Urgensi menjaga lisan


Urgensi menjaga lisan
Lisan atau lidah secara biologis merupakan  panca indera yang berfungsi sebagai alat yang digunakan oleh makhluk hidup untuk mengecap rasa dan bertutur kata, fungsi dari lisan ini sangat dibutuhkan oleh manusia sebagai sarana yang memberikan kemudahan dalam menjalankan kehidupan sehari-hari. dalam masyarakat yang terbiasa dengan budaya tutur, keberadaan lisan merupakan sebuah kebutuhan primer dalam proses berkomunikasi baik dalam hal menyerap informasi maupun menyampaikan informasi.
Fungsi lisan sebagai alat pengecap dan perasa tidak lebih dari sepotong daging lunak yang cenderung memberikan efek positif kepada manusia serta tidak memiliki implikasi sosial yang berarti. Akan tetapi lisan jika dikaitkan dengan fungsinya sebagai salah satu alat komunikasi dan bertutur kata, lisan seorang manusia adakalanya menjadi malaikat tanpa sayap yang mendatangkan manfaat, dan adakalanya menjadi monster hitam dan gelap yang mendatangkan keburukan dan bencana.
Kabaikan dan keburukan yang disebabkan oleh lisan manusia sangat ditentukan oleh bagaimana seseorang menggunakannya. Lisan yang terjaga dari segala macam penyakit akan menjadikan siempunya selamat dunia dan akhirat, bahkan  Rasulullah menjaminkan sebuah istana di surga bagi siapa saja yang bisa menjaga lisannya. Sebaliknya, lisan akan menjadi bumerang yang mendatangkan bencana bagi sipemilik dan umat manusia jika tidak dirawat dan dijaga dengan sebaik-baiknya.
orang yang bijak adalah orang yang sadar akan potensi dan bahaya lisan, orang tersebut akan berhati-hati dan waspada dalam berbicara walau hanya satu perkataan, semua sisi diperhitungkan apakah dengan ucapan yang dia keluarkan akan ada hati yang tersakiti ? apakah perkataannya mendatangkan manfaat, atau malah sebaliknya ? kalau suatu perkataan tidak mendatangkan manfaat maka diam menjadi pilihan utamanya (qul khairan au litasmut).
Bahaya lisan
Beberapa hari terakhir ini rakyat Indonesia dihebohkan dengan satu pernyataan yang dekeluarkan oleh salah seorang gubernur yang sangat menyakiti hati masyarakat muslim.
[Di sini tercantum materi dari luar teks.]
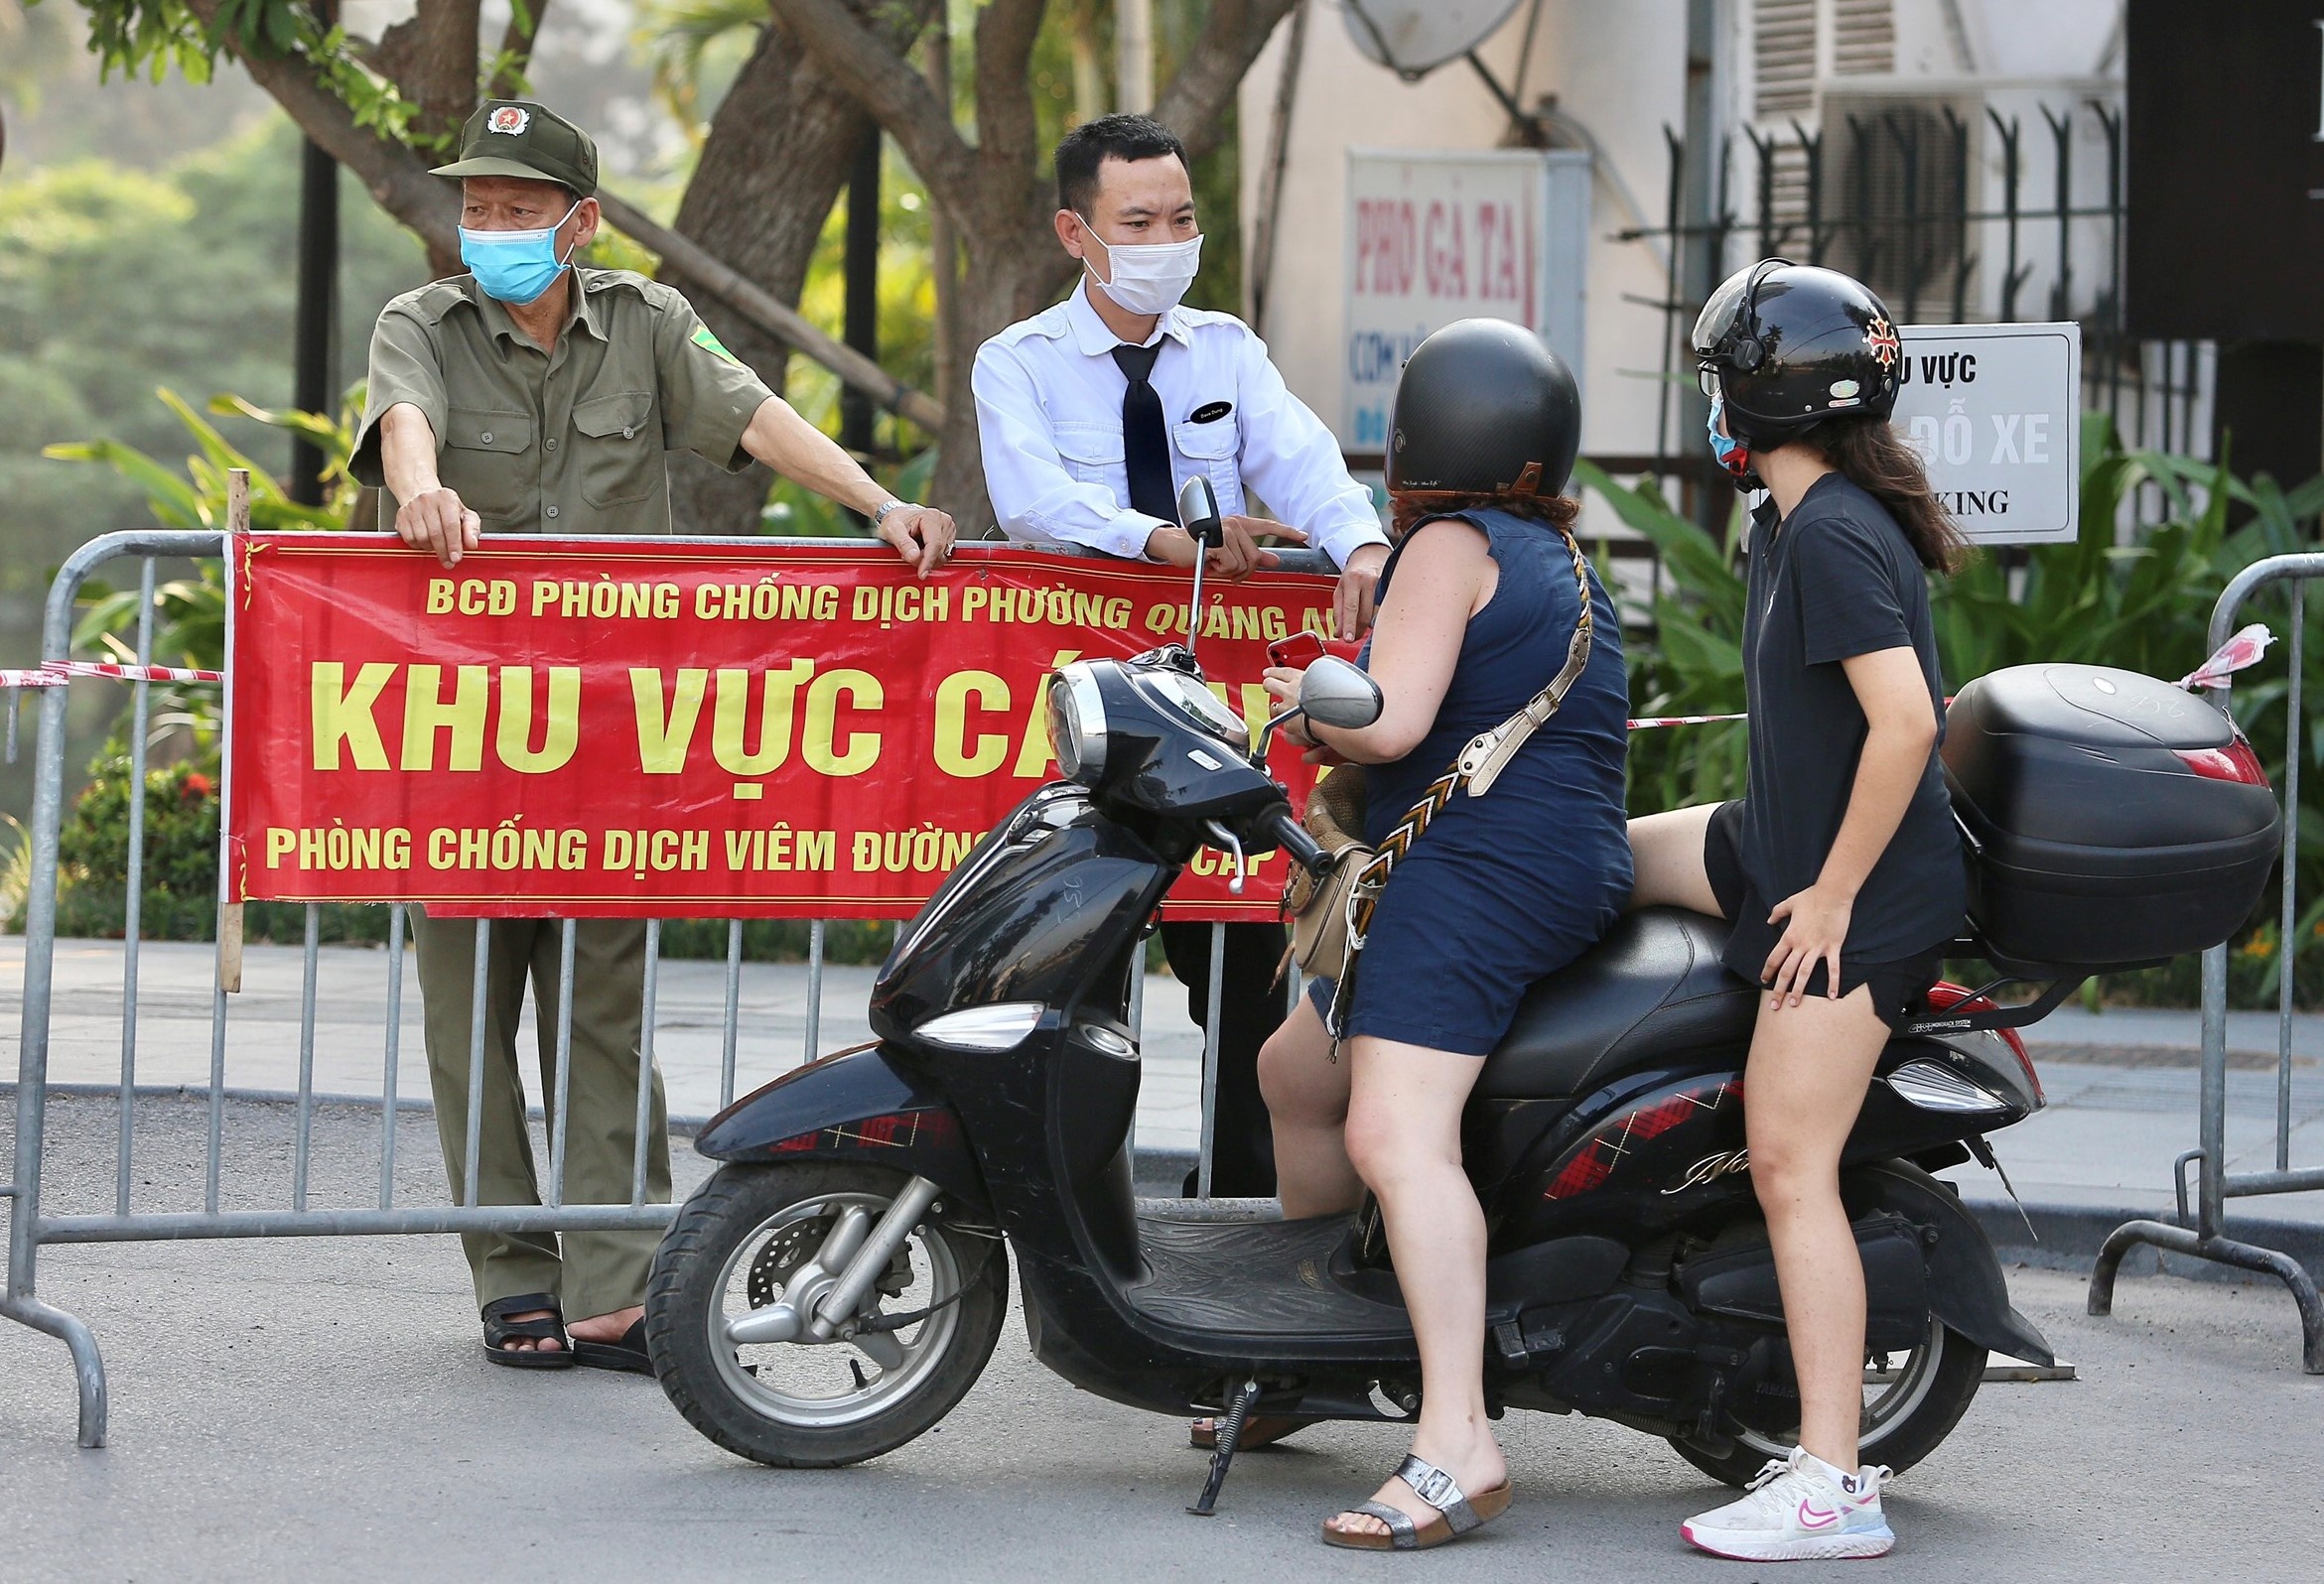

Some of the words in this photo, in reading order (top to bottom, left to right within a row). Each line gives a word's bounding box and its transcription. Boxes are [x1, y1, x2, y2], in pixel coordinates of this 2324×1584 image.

[1921, 351, 1977, 388] VỰC
[1989, 413, 2049, 464] XE
[1935, 489, 2009, 515] KING
[426, 579, 517, 615] BCĐ
[531, 573, 680, 619] PHÒNG
[695, 572, 839, 620] CHỐNG
[852, 586, 949, 630] DỊCH
[961, 582, 1134, 629] PHƯỜNG
[1144, 593, 1289, 641] QUẢNG
[1301, 606, 1339, 641] A
[311, 660, 582, 774] KHU
[628, 657, 885, 800] VỰC
[265, 818, 412, 870] PHÒNG
[427, 814, 589, 871] CHỐNG
[602, 830, 711, 880] DỊCH
[725, 821, 837, 871] VIÊM
[851, 821, 990, 873] ĐƯỜN
Karena ucapan sang gubernur tersebut publik pun menjadi marah dan merasa kitab sucinya dilecehkan, masyarakat pun meluapkan dan mengekspresikan kemarahannya dengan berbagai cara, sebagian mengekspresikannya dengan melakukan  aksi demonstrasi, melalui media massa, media sosial dan bahkan ada yang menghadiahkan sejumlah uang bagi siapa yang bisa menghilangkan nyawa sang gubernur. Tanggal 4 November menjadi Puncak dari luapan kekesalan umat islam, jutaan massa datang dari berbagai penjuru Indonesia berkumpul di jakarta untuk melakukan aksi damai menuntut sang gubernur untuk diproses hukum kemudian dimasukkan kedalam penjara.
            Dari kejadian diatas kita tersadar bagaimana bahayanya lisan kalau tidak dijaga dengan baik. Sepotong saja pernyataan yang kita keluarkan bisa membahayakan diri kita, umat dan peradaban manusia. karena perkataan sang gubernur, banyak nyawa dalam bahaya, mengeluarkan banyak biaya, memberlebar krisis kepercayaan rakyat terhadap para petinggi bangsa, bahkan bisa mengancam tatanan sosial masyarakat indonesia yang majmuk dan berbhineka. bisa anda bayangkan apa yang terjadi  seandainya tuntutan massa 4 november tidak mendapat tanggapan sesuai permintaan, dan bisa anda bayangkan seandainya ada pihak-yang memiliki agenda pribadi yang hobi membuat-buat parit dengan memanfaatkan momentum ini.
              Berkaca dari fenomena diatas sudah seharusnya kita lebih berhati- hati dan bijak dalam mengeluarkan kata-kata, baik yang kita ucapkan maupun yang kita tuliskan. hindarilah kata-kata yang mengundang kontroversi, menyinggung unsur SARA, bicaralah sesuai dengan kemampuan dan daya serap lawan bicara anda. mungkin saja anda menganggap apa yang anda katakan tidak mengundang kontroversi serta tidak menyinggung unsur SARA, tapi apakah yang mendengar perkataan anda menangkap dan manfsirkan hal yang sama ?.

            Kondisi damai, aman, dan tenteram menjadi impian kita bersama, menciptakan kondisi tersebut dan memeliharanya sangat susah dan membutuhkan  pengorbanan harta dan jiwa, jangan sampai sesuatu yang kita raih dengan susah  payah hilang begitu saja karena ulah lisan kita, marilah kita jaga kondisi kondusif dengan menjaga lisan kita. lisan memang tidak bertulang tetapi lisan lebih berbahaya dari pedang !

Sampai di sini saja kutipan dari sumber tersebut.